** WHAT YOU HAVE TO DO **
In your copy, leave out all pictures and reproduce every entry exactly.

Phrase grounding data
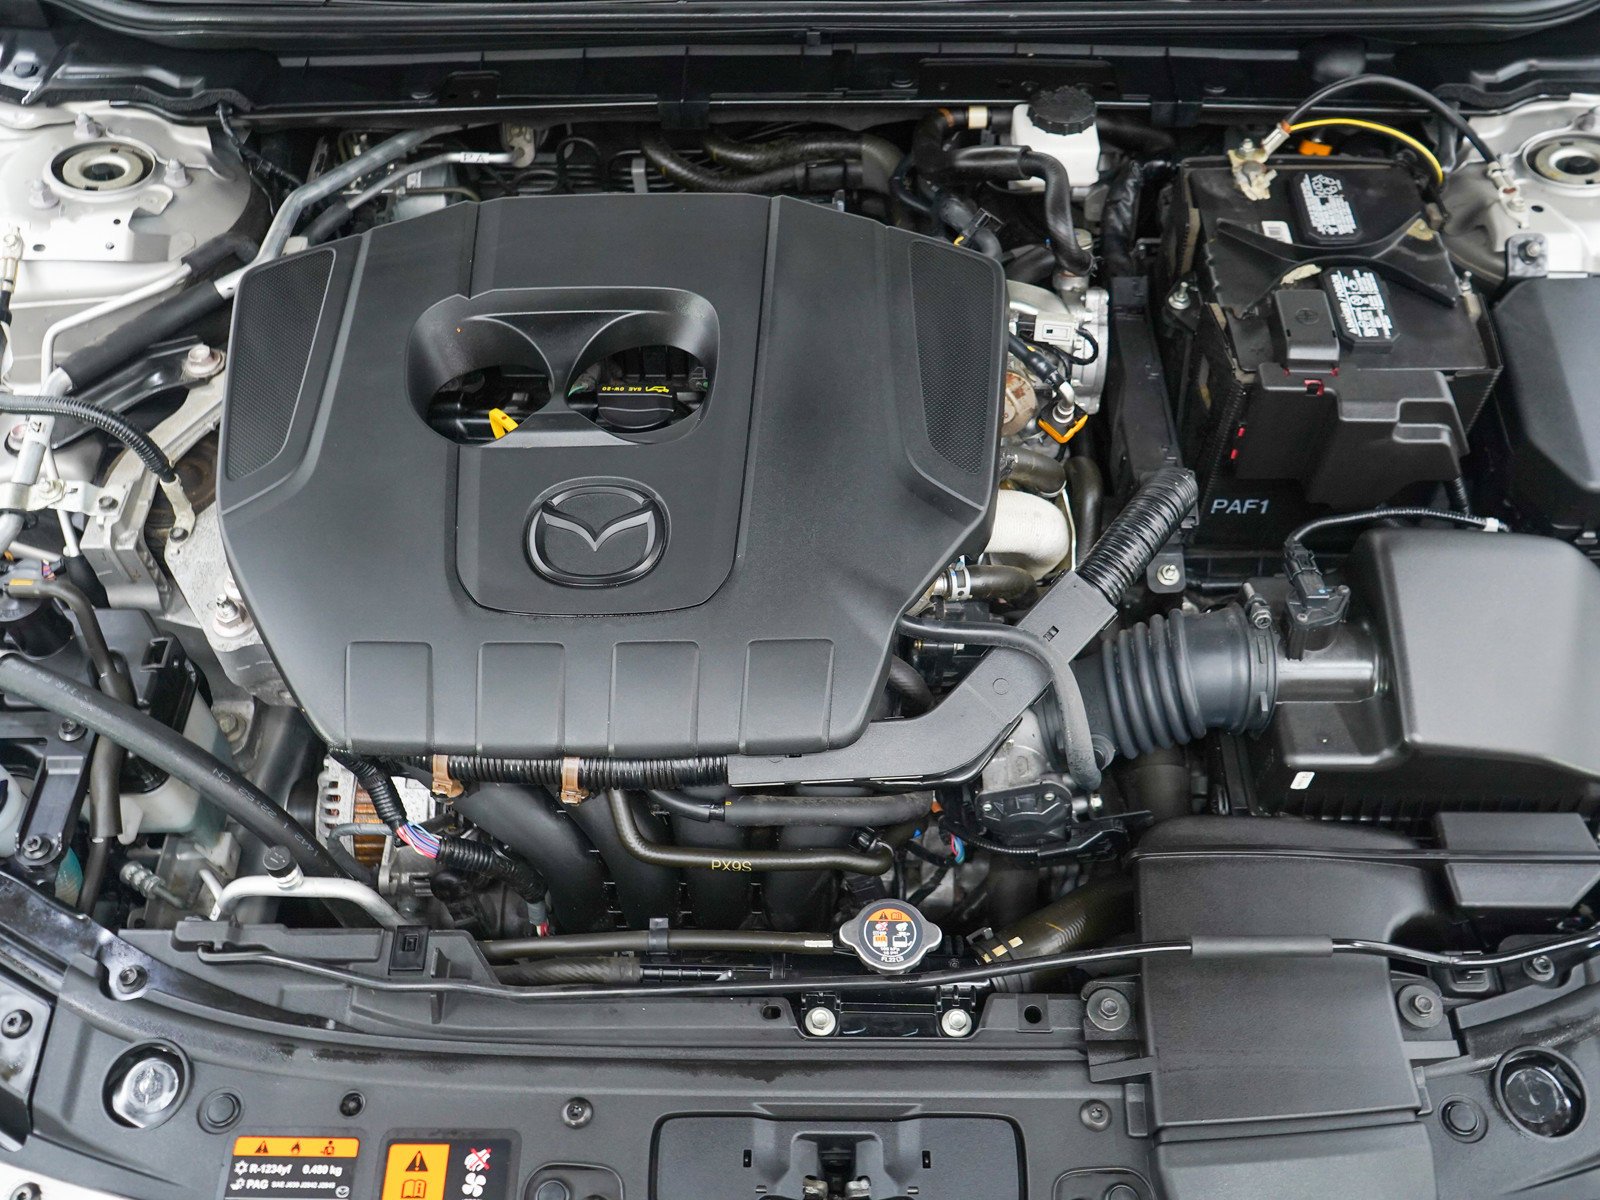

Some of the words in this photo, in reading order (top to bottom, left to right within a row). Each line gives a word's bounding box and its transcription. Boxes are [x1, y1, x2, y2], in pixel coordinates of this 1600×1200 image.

[1210, 498, 1270, 514] PAF1
[711, 859, 752, 872] PX9S
[248, 1163, 293, 1177] R-1234yf
[329, 1165, 343, 1177] kg
[245, 1179, 269, 1190] PAG
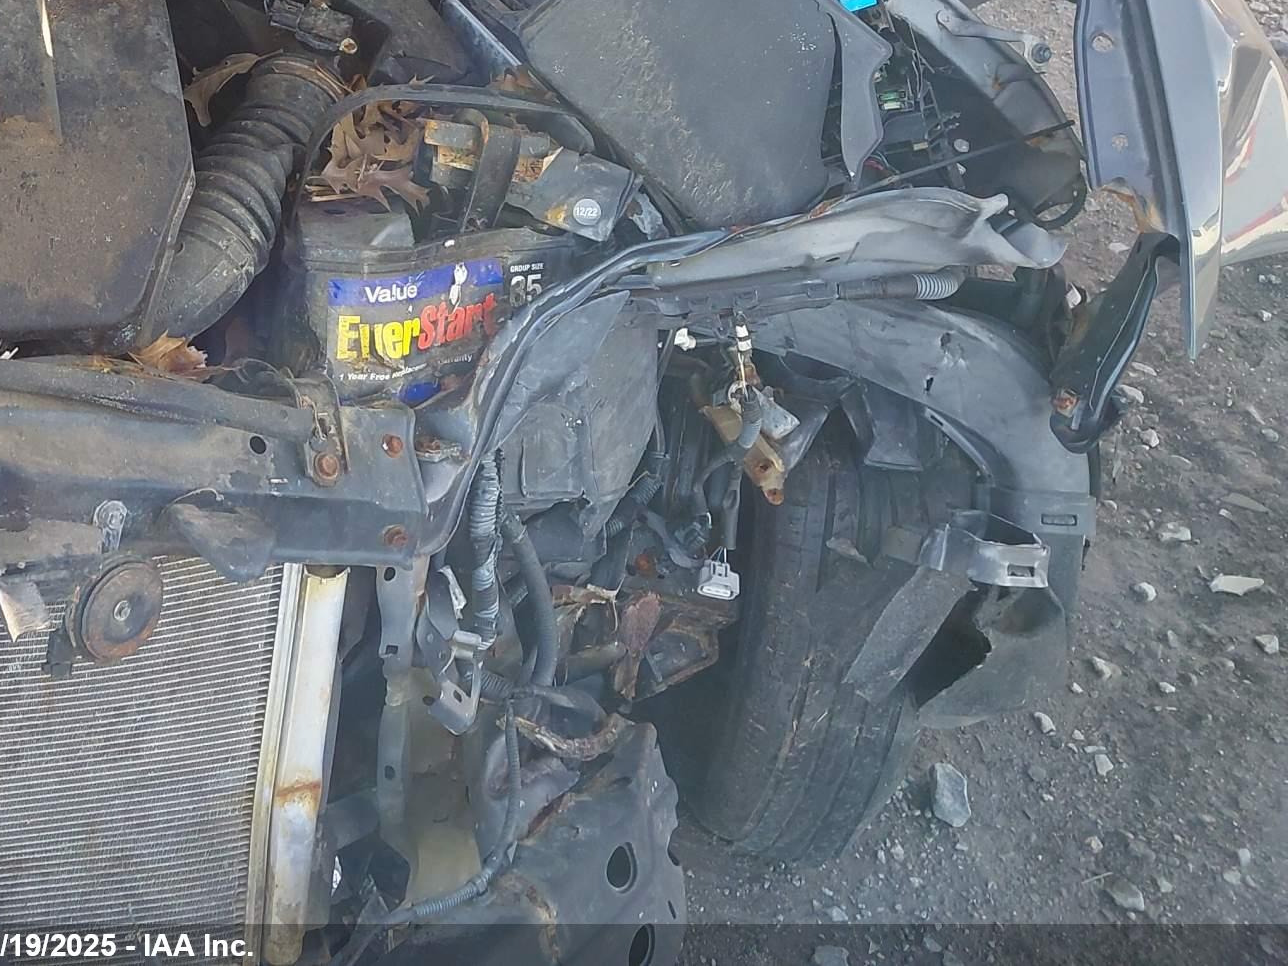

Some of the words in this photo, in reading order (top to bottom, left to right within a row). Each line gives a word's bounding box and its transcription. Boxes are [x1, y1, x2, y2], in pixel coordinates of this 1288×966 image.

[576, 206, 599, 218] 12/22
[510, 264, 530, 273] GROUP
[531, 262, 544, 271] SIZE
[364, 283, 418, 304] Value
[347, 373, 367, 381] Year
[370, 373, 390, 381] Free
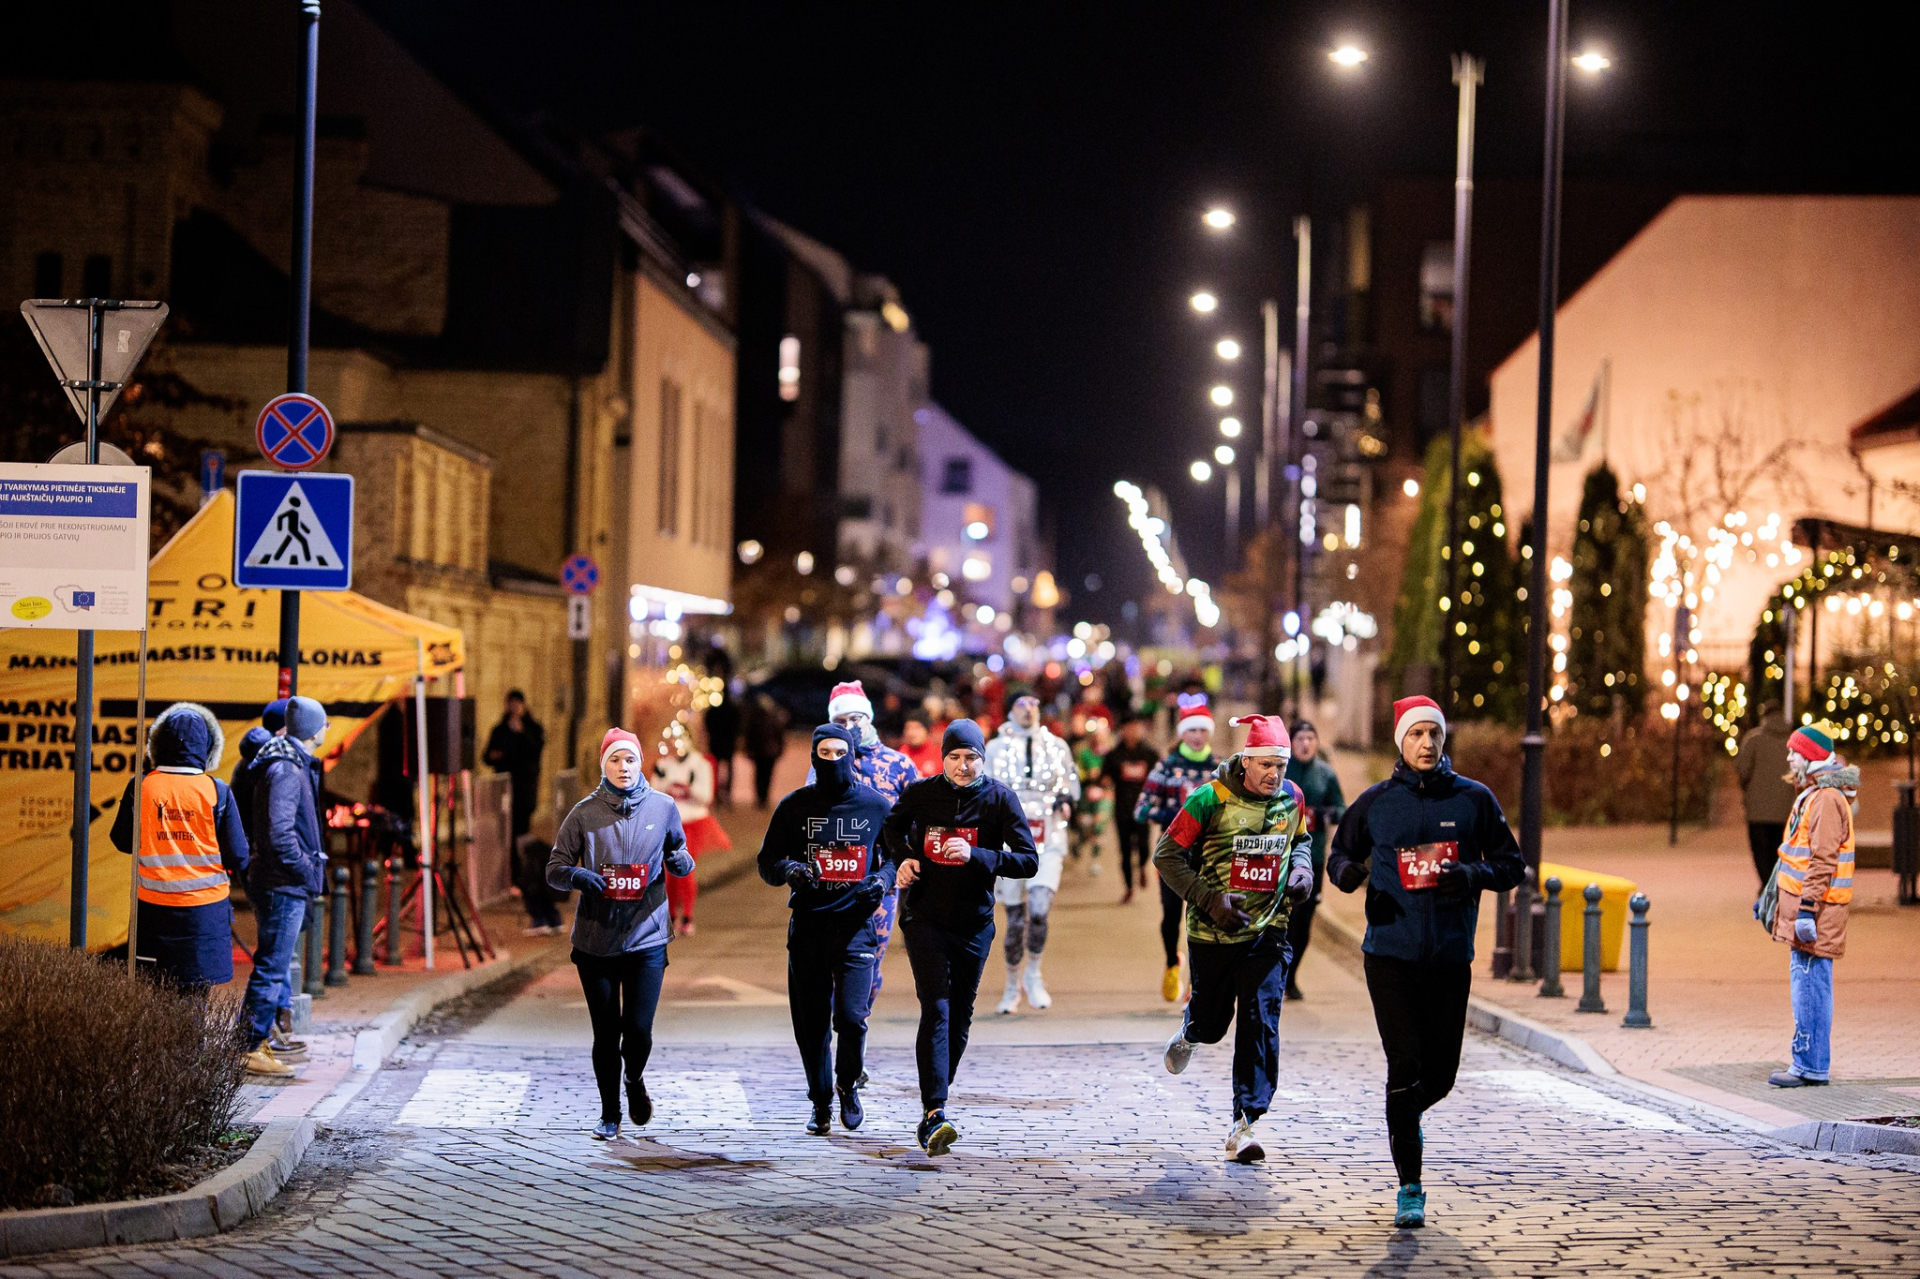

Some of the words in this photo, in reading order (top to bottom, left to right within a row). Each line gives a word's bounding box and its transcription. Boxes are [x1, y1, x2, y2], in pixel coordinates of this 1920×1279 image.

[4, 483, 50, 492] TVARKYMAS
[51, 484, 86, 493] PIETINĖJE
[87, 484, 126, 494] TIKSLINĖJE
[11, 493, 54, 504] AUKŠTAIČIŲ
[55, 495, 84, 503] PAUPIO
[16, 522, 39, 530] ERDVĖ
[58, 523, 128, 533] REKONSTRUOJAMŲ
[53, 533, 80, 542] GATVIŲ
[148, 598, 255, 617] TRI
[221, 646, 382, 667] TRIALONAS
[825, 859, 858, 871] 3919
[1239, 867, 1273, 881] 4021
[608, 877, 641, 890] 3918
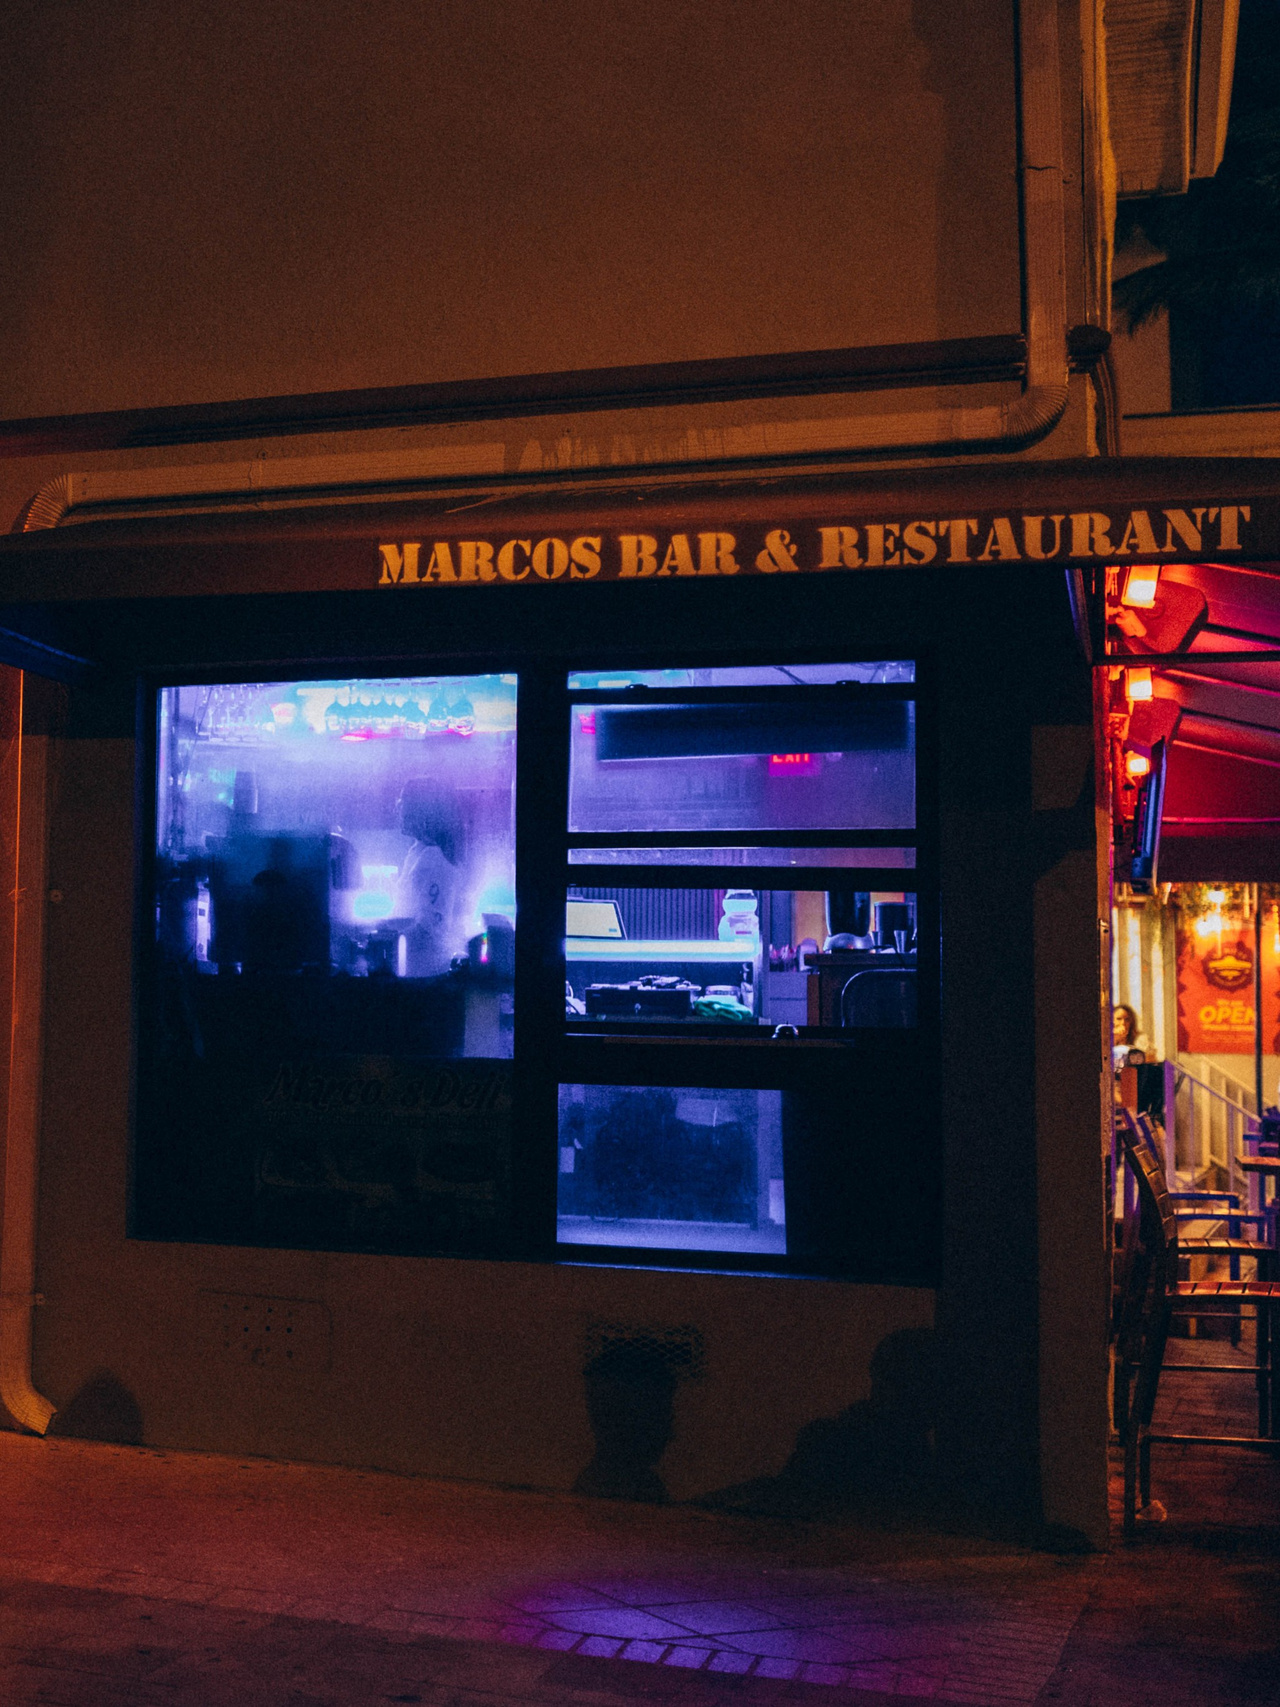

** COMPLETED EXERCISE **
Some of the words in this photo, in reading order (top to bottom, left to right within a row). Each line gives a word's bounding box and its transcription. Boxes are [x1, y1, x2, y2], in pixel coordinates of this 1600×1200 image.

[1210, 498, 1270, 514] PAF1
[711, 859, 752, 872] PX9S
[248, 1163, 293, 1177] R-1234yf
[329, 1165, 343, 1177] kg
[245, 1179, 269, 1190] PAG

Some of the words in this photo, in reading order (top to bottom, left to right within a row). Each line gives a word's bounding box and its transcription. Boxes are [x1, y1, x2, y2], in pixel coordinates of this 1288×966 image.

[576, 206, 599, 218] 12/22
[510, 264, 530, 273] GROUP
[531, 262, 544, 271] SIZE
[364, 283, 418, 304] Value
[347, 373, 367, 381] Year
[370, 373, 390, 381] Free

Some of the words in this photo, in reading order (top to bottom, left to right within a row). Each line gives a word's bounding box and its transcription. Boxes are [x1, y1, x2, y2], in pixel coordinates of this 1920×1279 image.

[4, 483, 50, 492] TVARKYMAS
[51, 484, 86, 493] PIETINĖJE
[87, 484, 126, 494] TIKSLINĖJE
[11, 493, 54, 504] AUKŠTAIČIŲ
[55, 495, 84, 503] PAUPIO
[16, 522, 39, 530] ERDVĖ
[58, 523, 128, 533] REKONSTRUOJAMŲ
[53, 533, 80, 542] GATVIŲ
[148, 598, 255, 617] TRI
[221, 646, 382, 667] TRIALONAS
[825, 859, 858, 871] 3919
[1239, 867, 1273, 881] 4021
[608, 877, 641, 890] 3918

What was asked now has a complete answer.